Por Alan Caldas – Editor
É o caso da amiga Ilvene Dillenburg.
Como profissional, a Ilvene era sem concorrência entre um grupo de mulheres que procuravam cabeleireira. E lembro dela já ali na casa onde a Nice Closs abriu o Bule Café.
O segredo dela? Ela sempre tinha horário no salão Modelling, cujo nome mesmo era “salão da Ilvene”. Encaixava quem precisava.
Nasceu no Travessão São Luiz, a Ilvene. E ali cresceu. Casou. Teve filho, o William. Mas casamento às vezes vai bem, outras mal. Ela se separou, uns 25 anos atrás. Foi um falatório do inferno. Lúcifer se alegra na desgraça. Mas ela superou.
Sofreu. Chorou. Se depreciou. Achou-se a última das mulheres, me disse um dia. Mas não se entregou. Era gigante. Levantou. E brilhou na profissão.

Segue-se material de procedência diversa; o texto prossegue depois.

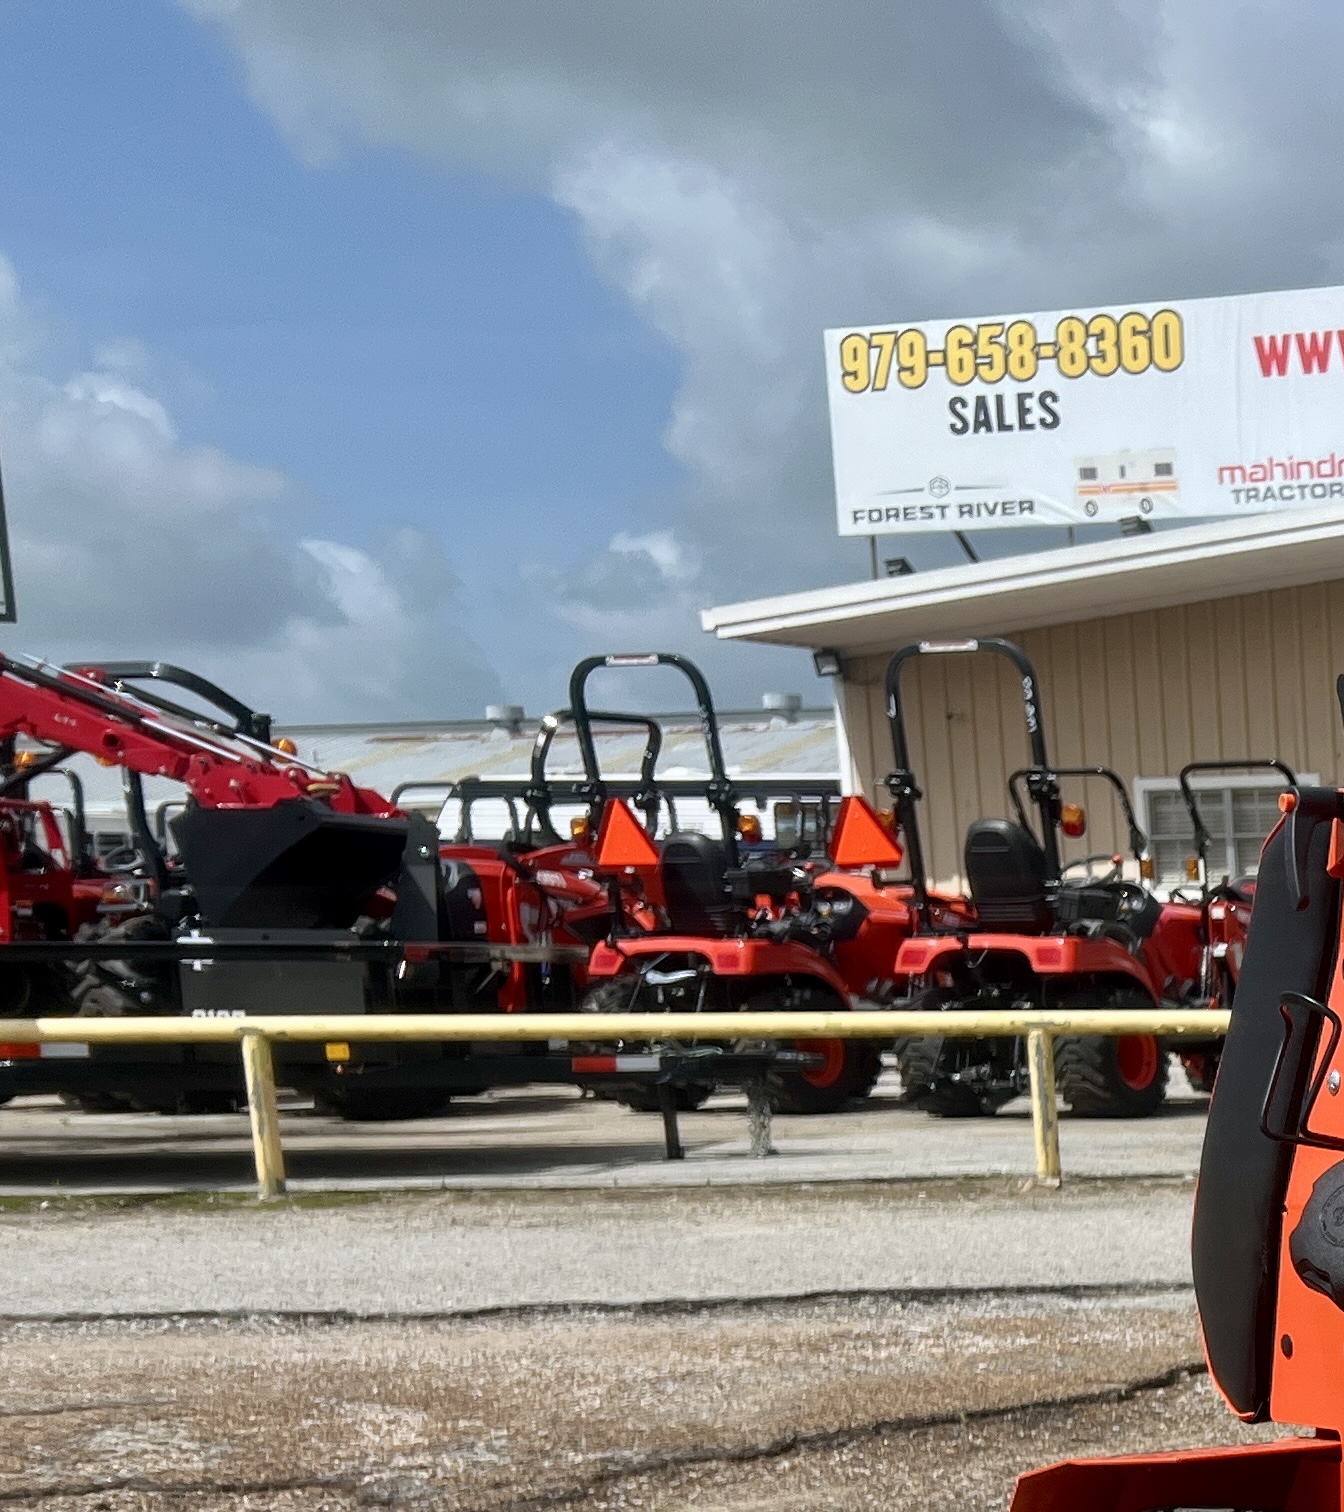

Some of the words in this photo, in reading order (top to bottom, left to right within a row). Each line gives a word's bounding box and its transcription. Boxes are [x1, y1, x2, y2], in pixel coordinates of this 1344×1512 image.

Uma tarde fui lá nela cortar cabelo. O salão era no outro lado da rua São Miguel. Não sei se na casa do Hess, o “Tio”, onde hoje está a Schuh Haus. Ou se era um pouco à frente, na casa do seu Osvino Petry. Só lembro que não era mais na casa do “Bule”, pois o Ricardo Scholl já havia incorporado a área para construir o São Miguel Center.
Sentei na cadeira. Ela sempre me chamava de “cara”. Nunca disse “Alan”. Era cara para lá. Cara para cá. E um dia perguntei:
– Ilvene, tu por acaso sabes meu nome?
– Claro que sei, cara ...
(Kkk... acredito que ela não sabia.)
Naquela tarde, entre uma e outra tesourada, ela disse:
– Vou para Novo Hamburgo, cara. Até já vi sala lá.
Falou assim, “en passant”, rapidamente. Me cortou o cabelo. Saí da cadeira. Paguei. E chegando ao Jornal Dois Irmãos perguntei ao Pitter:
- Temos manchete?
Não tinha. Então a manchete é esta, eu disse:
Cabeleireira Ilvene vai se mudar para Novo Hamburgo. E o texto explicava a decisão dela.
Duas horas depois a edição estava na rua. E foi uma bomba.
Ilvene era famosa. E naquele dia era só disso que a cidade falava.
A Ilvene também foi surpreendida pela manchete, é claro. E no dia seguinte veio ao jornal. Entre uns “cara do Céu” e outros, ela disse que de fato ainda não estava bem certa de ir, mas que já que eu tinha escrito, então ela iria.
Foi assim que a Ilvene chegou em Novo Hamburgo.
Se alguma mulher ler este texto, lembrará que dezenas de mulheres daqui iam lá no salão dela fazer o corte e já aproveitavam para passear pela capital do Vale.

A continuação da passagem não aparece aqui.